* INPUT *
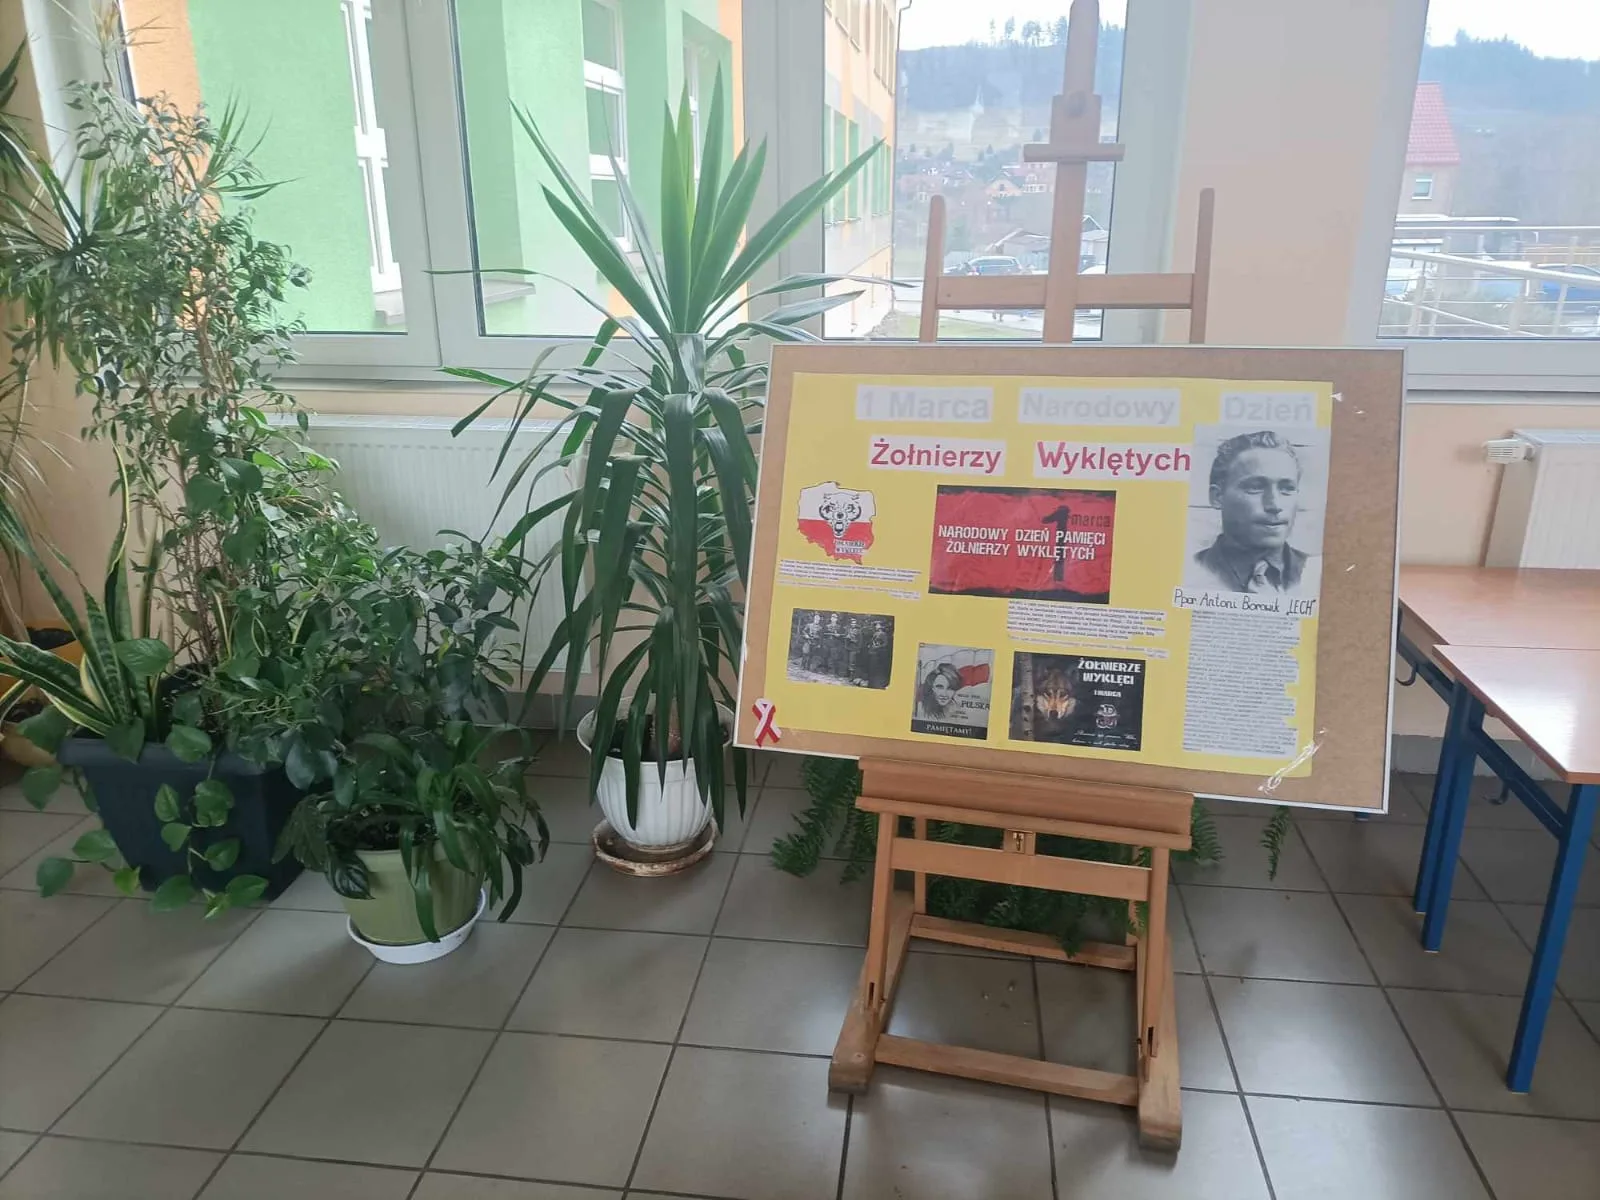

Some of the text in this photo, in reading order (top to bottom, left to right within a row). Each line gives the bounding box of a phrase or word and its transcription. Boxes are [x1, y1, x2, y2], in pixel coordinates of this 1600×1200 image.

[861, 391, 1313, 425] 1 Marca Narodowy Dzień
[871, 437, 1191, 475] Żołnierzy Wyklętych
[1071, 514, 1111, 528] marca
[938, 525, 1106, 548] NARODOWY DZIEŃ PAMIĘCI
[945, 539, 1095, 561] ŻOŁNIERZY WYKLĘTYCH
[1200, 592, 1238, 609] Antoni
[1077, 657, 1141, 673] ŻOŁNIERZE
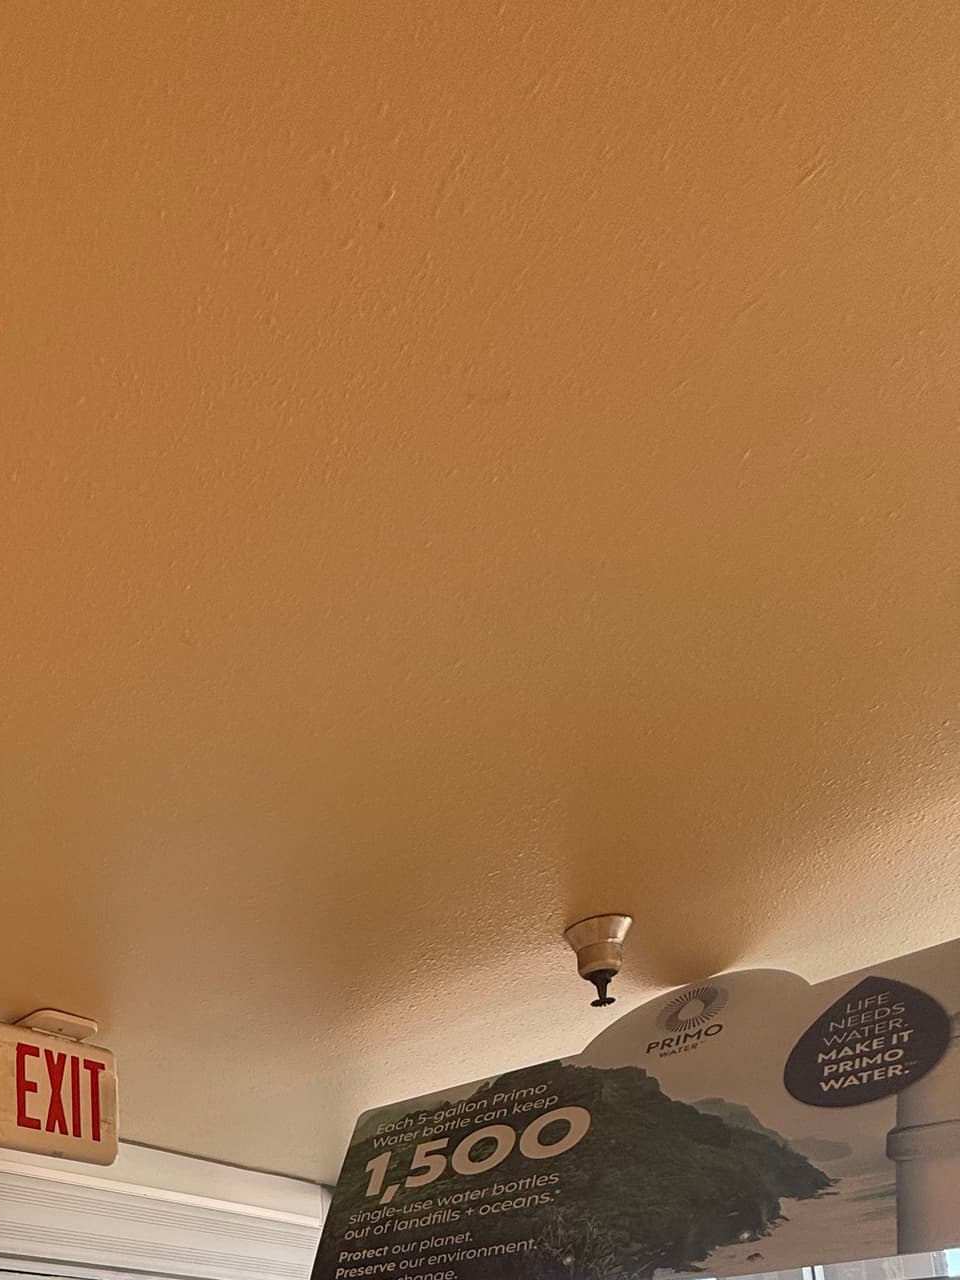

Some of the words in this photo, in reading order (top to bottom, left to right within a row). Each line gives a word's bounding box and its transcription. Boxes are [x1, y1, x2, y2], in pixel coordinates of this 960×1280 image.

* REQUIREMENT *
Please write out all the data again word for word, but not the pictures.

* RESULT OF THIS EXERCISE *
Some of the text in this photo, in reading order (top to bottom, left to right within a row). Each line gives the bounding box of a phrase or word and its transcription. Boxes are [x1, y1, x2, y2], in pixel coordinates of this 1600×1200 image.

[861, 391, 1313, 425] 1 Marca Narodowy Dzień
[871, 437, 1191, 475] Żołnierzy Wyklętych
[1071, 514, 1111, 528] marca
[938, 525, 1106, 548] NARODOWY DZIEŃ PAMIĘCI
[945, 539, 1095, 561] ŻOŁNIERZY WYKLĘTYCH
[1200, 592, 1238, 609] Antoni
[1077, 657, 1141, 673] ŻOŁNIERZE

Some of the words in this photo, in reading order (top to bottom, left to right within a row). Each line gives a word's bounding box and its transcription. Boxes are [x1, y1, x2, y2], in pixel coordinates of this 960×1280 image.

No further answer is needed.